Ergastolo. Questa la pena chiesta in aula dalla pm della Dda Antonella Fratello per Francesco Pio Valda, il 20enne originario di Barra finito a processo per l'omicidio del 18enne Francesco Pio Maimone, avvenuto la notte del 20 marzo 2023 davanti agli chalet di Mergellina, sul lungomare di Napoli.
Secondo la pm, al momento dei fatti "Francesco Pio Valda aveva assunto il ruolo di capoclan" del gruppo Aprea-Valda del quartiere Barra. Questo il motivo per cui tanti testimoni, dopo il delitto, avrebbero deciso di non parlare. Stando alla sua ricostruzione - frutto di una serie di intercettazioni -, il giovane, figlio di Ciro Valda, morto in un agguato di camorra nel 2013, "usciva di casa armato, anche di due pistole" spessissimo.
Lo scopo? "Creare 'tarantelle' (problemi) e 'schiattare' (uccidere)". Come fece la sera del 20 marzo 2023, sparando sulla folla e colpendo (per sbaglio) il 18enne Francesco Pio Maimone, totalmente estraneo alla lite scoppiata poco prima tra il suo e un gruppo rivale. Accuse pesanti nei confronti del 20enne, che davanti alla Corte d'Assise di Napoli rischia, ora, una condanna all'ergastolo.
ha dichiarato il papà della vittima, Antonio Maimone, all'uscita dal tribunale. Lo riporta Il Corriere della Sera. Il riferimento è alla scia di delitti consumatisi sul territorio negli ultimi mesi, costati la vita ai giovanissimi Emanuele Tufano, Santo Romano e Arcangelo Correra.
Nel processo in corso, Valda non è l'unico imputato: sono altre sei le persone in attesa di giudizio. Si tratta di alcuni parenti e amici del 20enne. Persone che, dopo l'omicidio, lo avrebbero aiutato, secondo l'accusa, a nascondersi e a disfarsi dell'arma del delitto, ora accusate a vario titolo di favoreggiamento aggravato e detenzione d'arma: Salvatore Mancini, Pasquale Saiz, Giuseppina Valda, Giuseppina Niglio, Alessandra Clemente e Giuseppe Perna. Per loro la pm ha chiesto pene che vanno dai sei anni e gli otto anni e sei mesi di reclusione. La sentenza è in programma per il 28 novembre prossimo.

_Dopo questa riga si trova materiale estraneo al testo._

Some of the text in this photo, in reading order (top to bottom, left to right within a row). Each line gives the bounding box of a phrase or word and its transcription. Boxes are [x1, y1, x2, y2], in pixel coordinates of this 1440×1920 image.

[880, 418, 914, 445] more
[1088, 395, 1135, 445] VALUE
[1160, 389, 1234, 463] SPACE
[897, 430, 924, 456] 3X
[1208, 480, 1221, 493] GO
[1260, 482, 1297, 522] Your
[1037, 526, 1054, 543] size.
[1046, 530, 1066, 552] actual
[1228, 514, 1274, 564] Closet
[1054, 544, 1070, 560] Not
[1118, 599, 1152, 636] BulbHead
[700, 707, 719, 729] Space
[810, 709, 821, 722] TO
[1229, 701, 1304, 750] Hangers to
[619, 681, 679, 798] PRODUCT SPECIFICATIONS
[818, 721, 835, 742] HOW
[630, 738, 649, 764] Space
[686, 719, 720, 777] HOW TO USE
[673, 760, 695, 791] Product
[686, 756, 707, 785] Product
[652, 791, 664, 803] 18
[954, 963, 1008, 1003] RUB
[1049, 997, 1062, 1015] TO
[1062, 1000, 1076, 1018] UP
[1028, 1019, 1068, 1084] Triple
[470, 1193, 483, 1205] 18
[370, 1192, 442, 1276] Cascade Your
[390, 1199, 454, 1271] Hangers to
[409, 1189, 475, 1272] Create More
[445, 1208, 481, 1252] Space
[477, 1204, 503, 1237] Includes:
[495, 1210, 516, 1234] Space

Nell'ultima udienza, Valda, in video collegamento dal carcere, aveva preso la parola e chiesto scusa ai familiari della vittima, ammettendo per la prima volta dal suo arresto di aver effettivamente sparato, sostenendo però di non sapere come sia morto il 18enne, perché la sera del 20 marzo, davanti agli chalet, furono sparati anche altri colpi. A suo dire, in pratica, non è detto che il proiettile che uccise Maimone fosse il suo. Tesi condivisa all’avvocato Antonio Iavarone, che lo assiste.
Ma a cui l'accusa, evidentemente, non crede. Nel corso del dibattimento, attraverso l'audizione dei presenti, ha ricostruito cosa successe quella notte, cioè che Valda sparò per colpire il gruppo di cui faceva parte un ragazzo che, tra la folla, per sbaglio, poco prima gli aveva versato un drink sulle scarpe firmate. Maimone, aspirante pizzaiolo, finì nella traiettoria e, ferito al petto, cadde a terra. Morì in ospedale mentre il presunto killer fuggiva per evitare la cattura.